The young forward caught the eye last season, so much so that Manchester United were understood to be monitoring his progress.
He earned his senior debut in the EFL Trophy against Cheltenham Town in November 2018 but he’s arguably had a bit of a plateau year this term, not always making the Under-23s this season.
He looked at one stage like he was going to be the next big thing and hopes are high that he will kick on again next season.
At 18, Jonny is still very young and possesses lots of impressive attributes – he’s quick, solid looking, skilful and technically very good so, like Bapaga, got all the ingredients to do well.
If he was playing in the current box midfield he’d probably be in the advanced positions, similar to the roles played by Jordan Shipley and Zain Westbrooke, but can also play as a No.10.
Again, has all the makings of a player who will make it and with plenty of hard work and determination will surely succeed.
How’s he doing?
A versatile young player with a great attitude and loves his football, Jack can play in several positions, making him a real team player.
He has two senior appearances to his name, both as substitutes in the EFL Trophy last year and this season, and was trusted enough to be included on the bench earlier in the season by the manager.
He’s broken into the Scotland Under-19s squad, having made good progress this season, and seems to be improving steadily every year.

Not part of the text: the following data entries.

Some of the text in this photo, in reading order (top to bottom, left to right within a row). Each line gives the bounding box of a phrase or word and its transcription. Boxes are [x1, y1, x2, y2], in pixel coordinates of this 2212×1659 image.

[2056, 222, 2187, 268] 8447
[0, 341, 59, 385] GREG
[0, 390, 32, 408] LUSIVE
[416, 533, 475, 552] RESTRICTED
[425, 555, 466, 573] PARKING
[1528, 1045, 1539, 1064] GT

The 19-year-old is a good size, quick and direct with two good feet. He works his socks off and is a real box-to-box midfielder who is exciting when driving forward.

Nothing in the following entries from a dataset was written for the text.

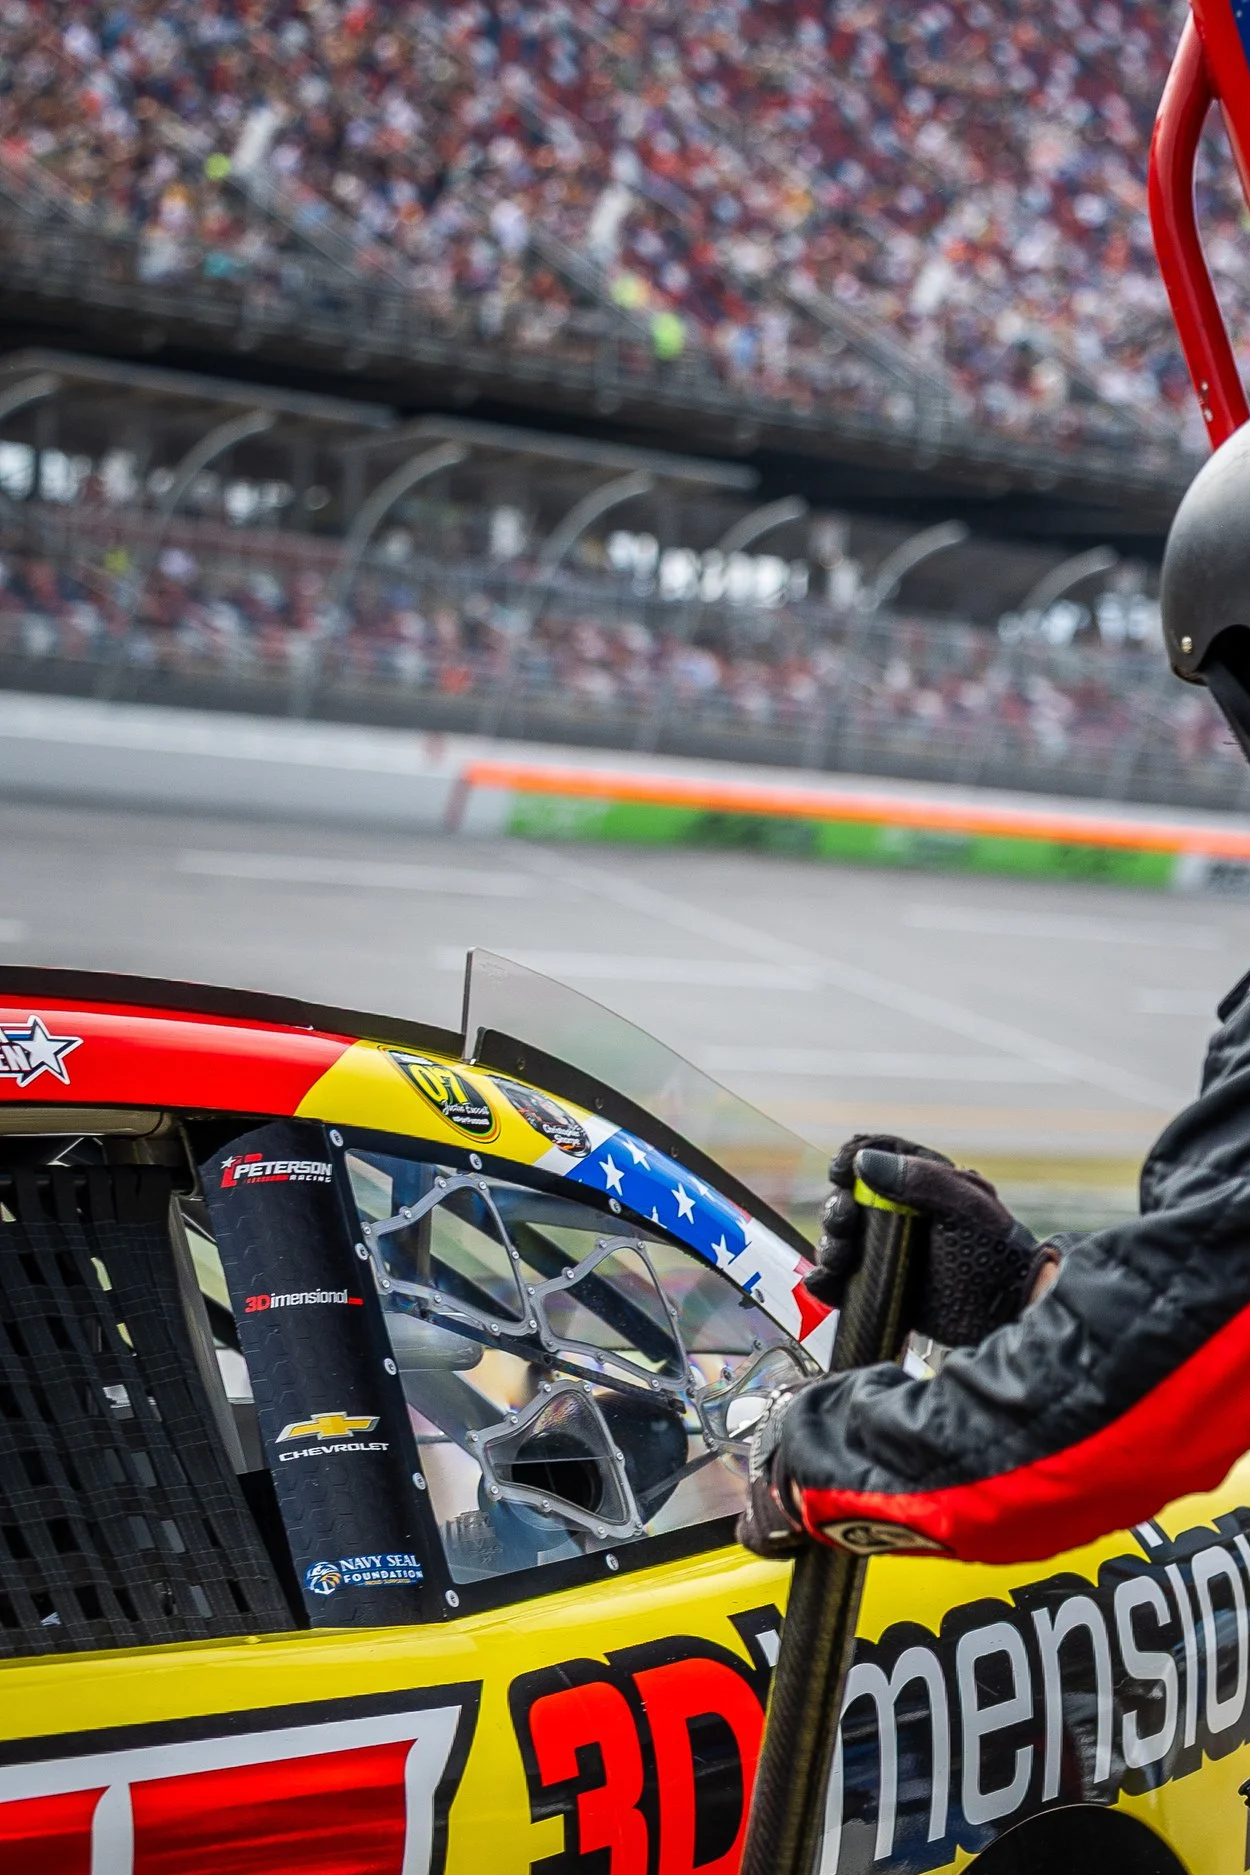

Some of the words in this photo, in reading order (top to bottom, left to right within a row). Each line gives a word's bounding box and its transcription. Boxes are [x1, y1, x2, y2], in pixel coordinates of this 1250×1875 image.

[408, 1062, 468, 1104] 07
[233, 1160, 333, 1180] PETERSON
[289, 1174, 332, 1183] RACING
[244, 1288, 349, 1313] 3Dimensional
[279, 1442, 390, 1462] CHEVROLET
[339, 1555, 384, 1572] NAVY
[386, 1553, 422, 1568] SEAL
[344, 1569, 424, 1583] FOUNDATION
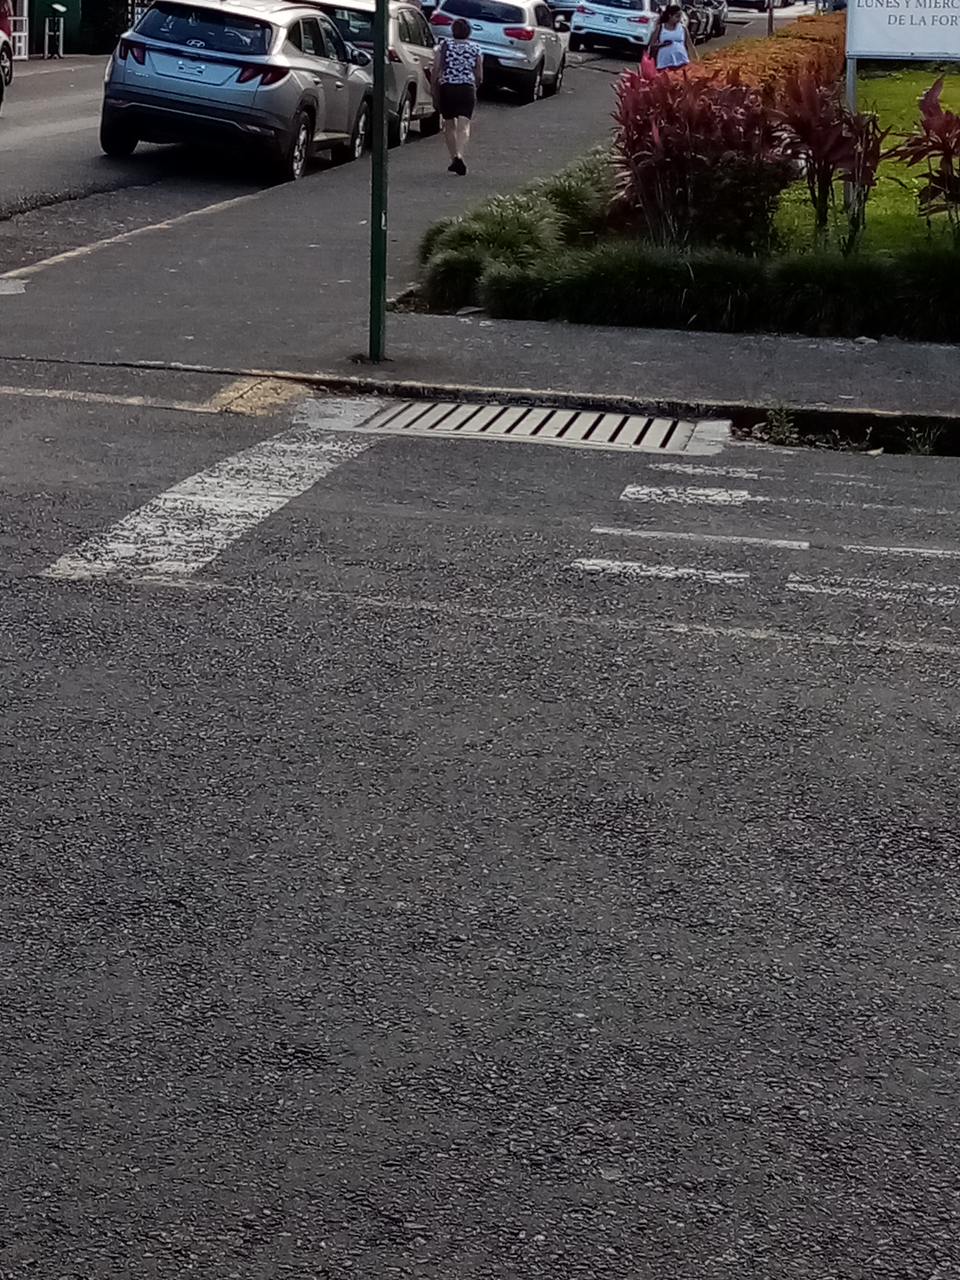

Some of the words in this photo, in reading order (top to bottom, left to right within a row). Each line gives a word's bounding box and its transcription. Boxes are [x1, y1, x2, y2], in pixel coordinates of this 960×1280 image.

[888, 15, 906, 25] DE
[910, 15, 929, 26] LA
[931, 15, 960, 26] FOR

Jack has developed into a proper utility player, having played in a host of positions from wing-back to anywhere across the middle of the park.
His preferred position is a more central attacking role but he’s been used on the right by City to utilise his pace, and Scotland have done the same.
More recently, however, he has been deployed in a more central midfield role for both club and country.
He’s a mainstay of the Under-23s and if he keeps progressing in the way he has done so far then he has every chance of being handed his opportunity to break into the first team.
How’s he doing?
The midfielder is probably the closest to establishing himself in Mark Robins’s first team and he continues to develop nicely in the Under-23s.
The 19-year-old already has 11 senior appearances to his name, including a League One start against Rochdale earlier this season.
He’s highly-rated by Robins but missing out at the moment due to such a strong squad.
Great attitude and work ethic, Eccles is a model young professional with the drive to succeed. Strong on the ball and gutsy in the tackle, Eccles has a good engine and good range of passing.
Eccles is a central midfielder more in the holding mould.
Having already had a decent taste of first team football under Robins, the teenager is just waiting patiently for his chance to break through on a more regular basis.
Expect to see a lot more of him next season.